Oh yes, we were on terrific terms with this cattle farmer, and then all of a sudden he stopped coming by our house. We hadn’t seen him for the best part of a year when I flagged him down. And he was weirdly edgy as he got out of his tractor and asked me how things were going.
I said I needed to roll my fields, expecting him to say he would do it for us. But he shifted nervously and said he didn’t have a roller. Then he said: ‘The man with the roller round here is him…’ He gestured down the road to where the farmer opposite me lives. ‘And he won’t lend it to you.’ And he made a face. Oh, I see, I thought.
I’ve been fighting the farmer opposite because he built a house for his son on his land almost as close as could be to my house without putting the planning notice up properly. Well, we suspect the council put it up, it was photographed, then taken down. So I never got the chance to object, or ask for mitigations to the plans. The notice finally went up for all to see on a brand-new peeled post on the day they started building, and when I called Cork council they said the notice had been up for months. ‘I get it,’ I said. ‘I get exactly what’s going on here.’
He’s got friends in places where they can help him, and I can just shut my trap.
So he built this house hard into the side of a steep hill, against the advice of the engineer who had to write a report warning it would flood, for whatever that was worth, and he connected the run-off from the site into the drain under the road which goes into the ditch by the side of my land. And he drained an entire hillside into this ditch, which obviously then burst its banks and permanently flooded our best dry field, and the only one that’s even vaguely flat, making it too wet to put the mares into and leaving me no option but to turn Darcy and pony out onto the long driveway where they eat down the grassy verges when I’m not expecting B&B guests.

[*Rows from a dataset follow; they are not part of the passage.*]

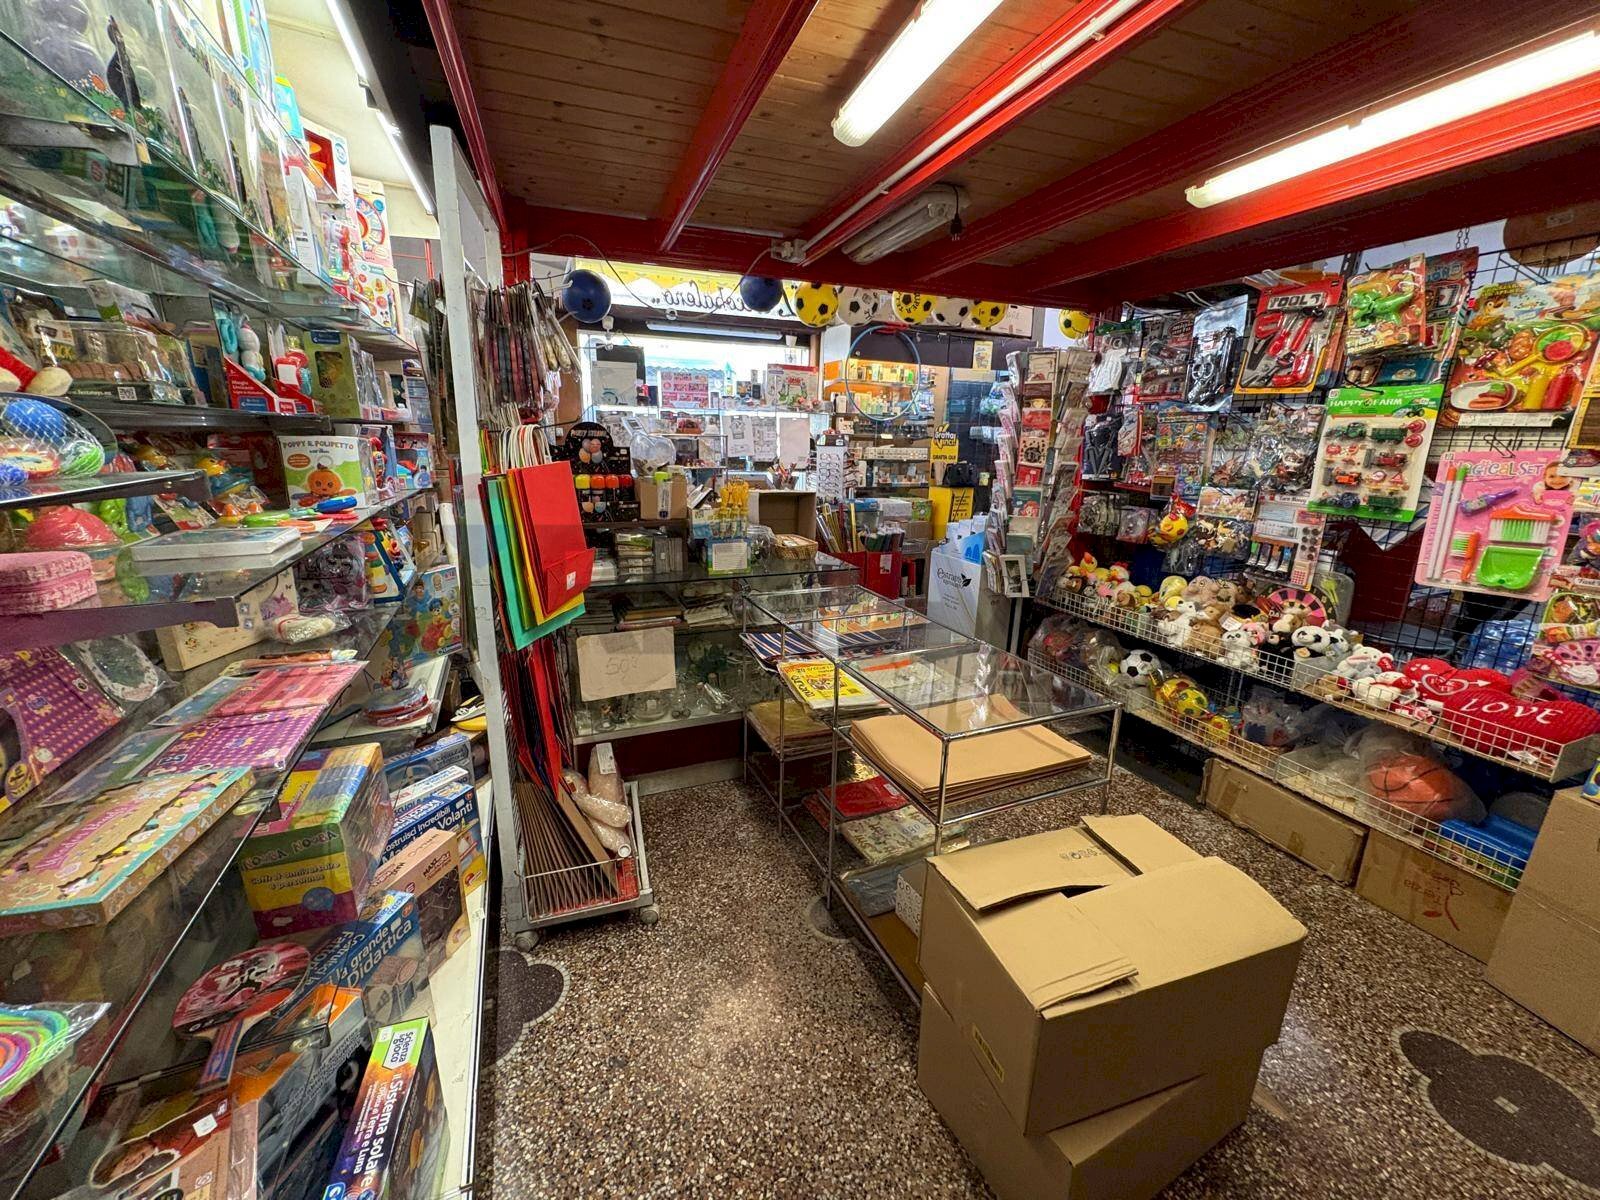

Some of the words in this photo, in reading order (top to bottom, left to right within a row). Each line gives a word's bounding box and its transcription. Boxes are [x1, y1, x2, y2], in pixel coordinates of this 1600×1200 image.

[1330, 399, 1362, 407] HAPPY
[1372, 398, 1402, 406] FARM
[1461, 698, 1563, 724] LOVE
[437, 800, 473, 830] Volanti
[347, 919, 412, 988] Didattica
[350, 926, 389, 971] grande
[399, 1031, 413, 1063] scienza
[375, 1079, 403, 1136] Sistema
[364, 1113, 377, 1140] Terra
[353, 1149, 364, 1174] Luna
[360, 1138, 385, 1188] solare

I’m not an unrealistic person. I know no help is coming. But I’m not the type to lie down. I’m going to make things as difficult as I can for this neighbour and the council – and to anyone who says I have to be quiet because of colonialist guilt, I say I don’t have any.
To anyone who says I have to be quiet because of colonialist guilt, I say I don’t have any
I didn’t cause the British to oppress anyone. Half my relatives are Italian and the other half are descended from gypsies. I refuse to be tangentially blamed for anything to do with the Empire just because I’m a UK passport-holder living in Ireland, and I’m not apologising to anyone for not wanting my field flooded.

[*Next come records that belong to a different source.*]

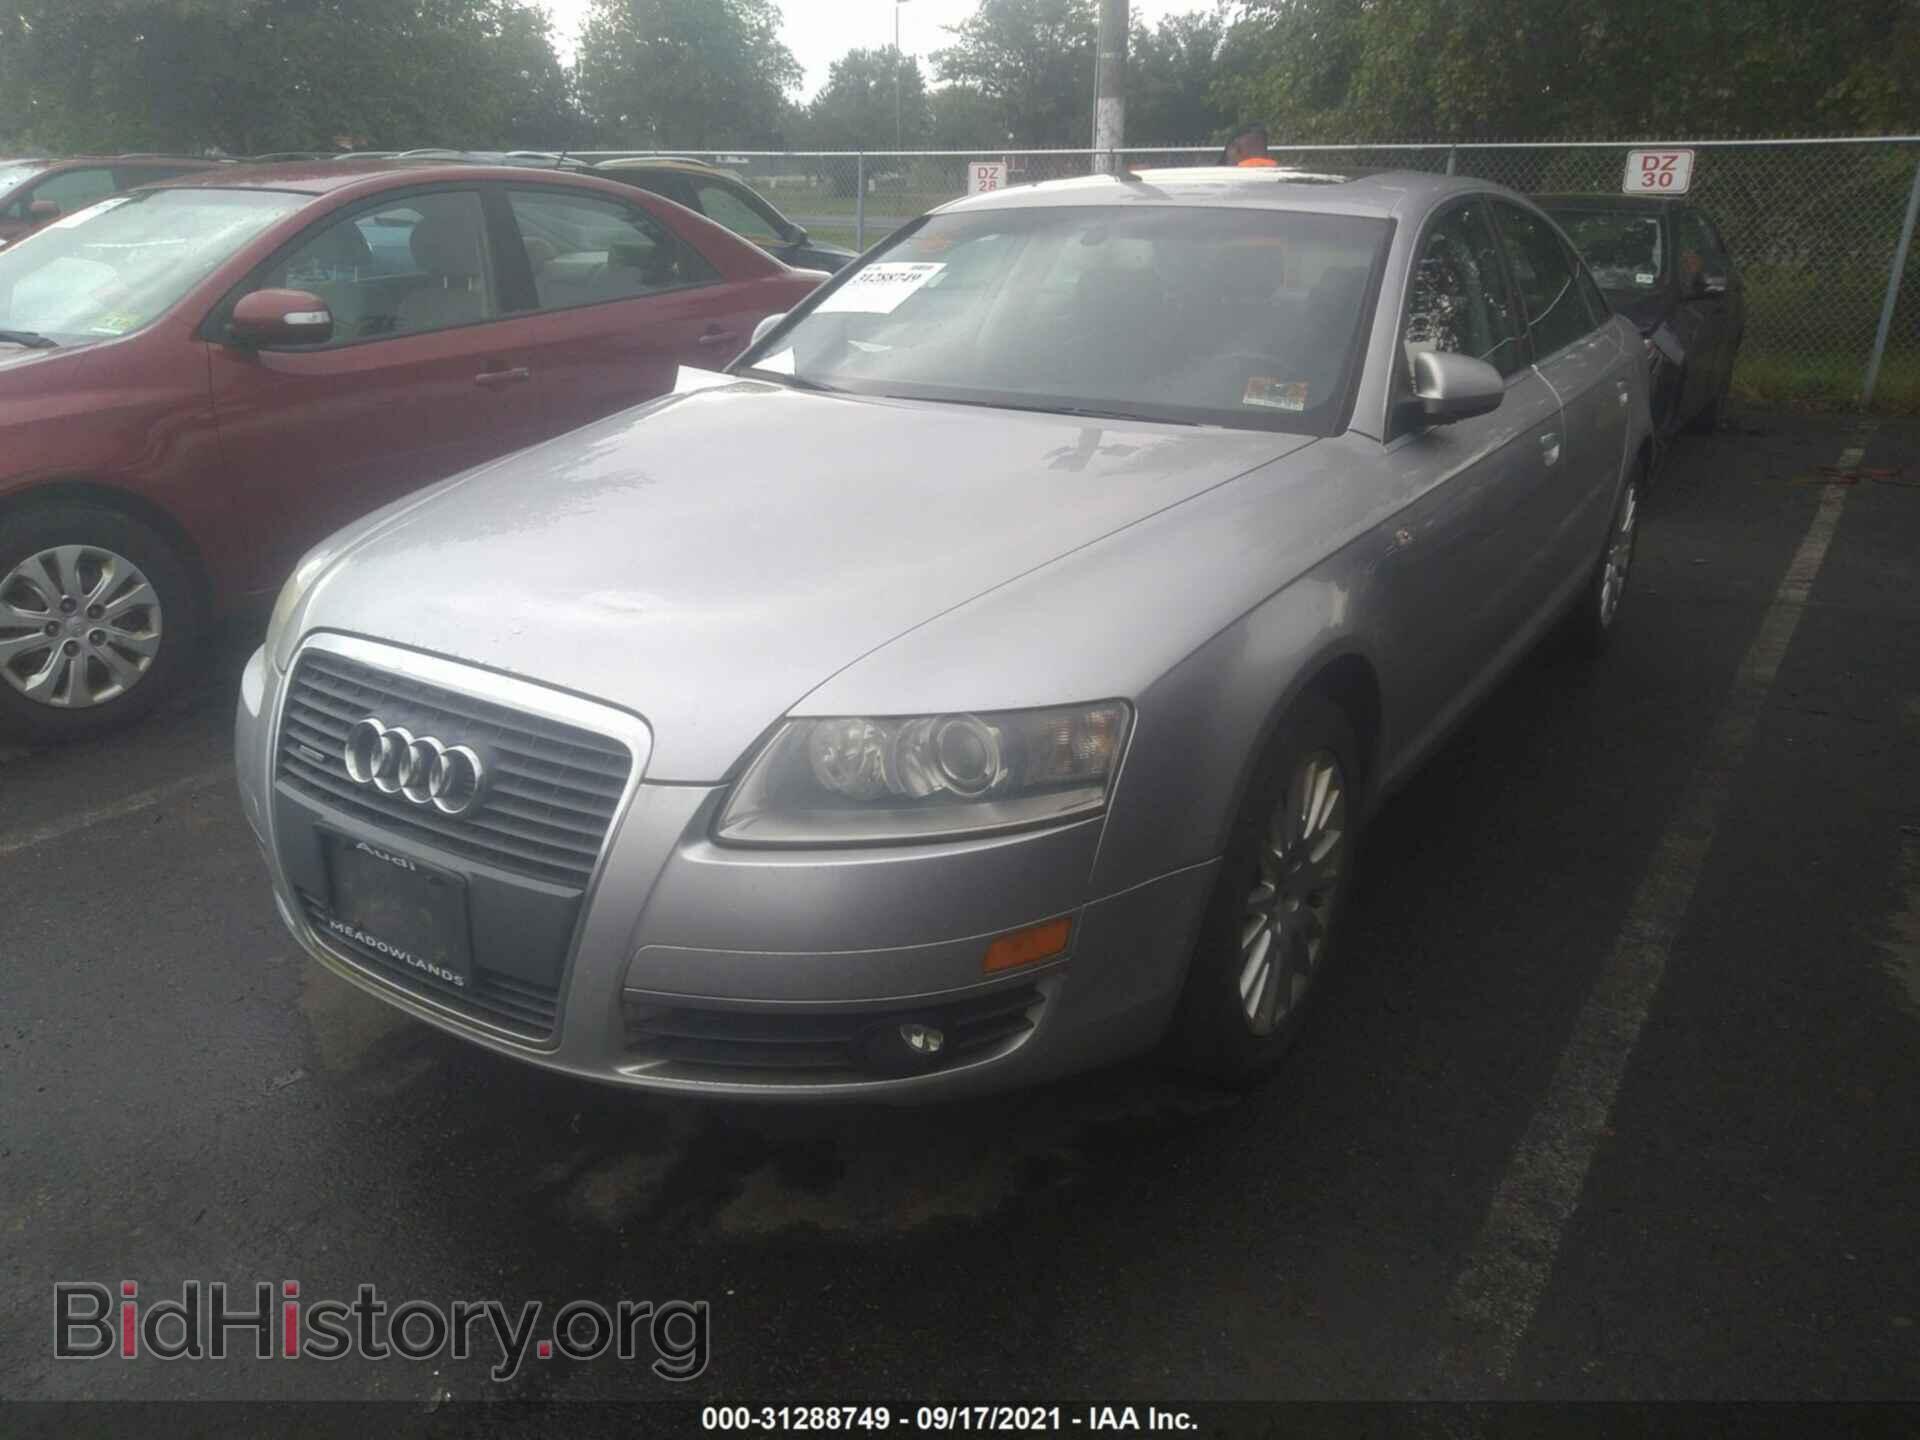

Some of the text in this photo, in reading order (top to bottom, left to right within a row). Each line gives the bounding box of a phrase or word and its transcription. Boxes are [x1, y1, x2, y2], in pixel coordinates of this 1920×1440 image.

[1642, 155, 1678, 171] DZ
[977, 167, 999, 179] DZ
[1641, 172, 1673, 187] 30
[356, 842, 416, 871] Audi
[330, 921, 465, 987] MEADOWLANDS

I don’t think I deserve whatever I get, as the English blow-ins are meant to. Plenty of my relatives came down hungry and poor off a hillside in the Abruzzo, fled to England and got put in internment camps during the war.
But the farmer who used to like us has to side with his Irish friend. Of course he does.
He hopped from one foot to the other, looking sideways to see if his friend over the road could see him talking to me and then, as the panic mounted, and he looked fit to wet himself, he said: ‘Can I go now?’
I did feel guilty then for a second, because I realised I had reduced a grown man almost to tears. It was a sad state for a proud non-conformist to get into, poor chap. ‘Yes, yes, you can go, before he sees you talking to me,’ I said.
He pretended he didn’t hear that above the noise of his old tractor as he turned it around and drove back down the lane to his friend’s house, where he pulled up, presumably to offer his sincere apologies for fraternising with an agent of imperialism.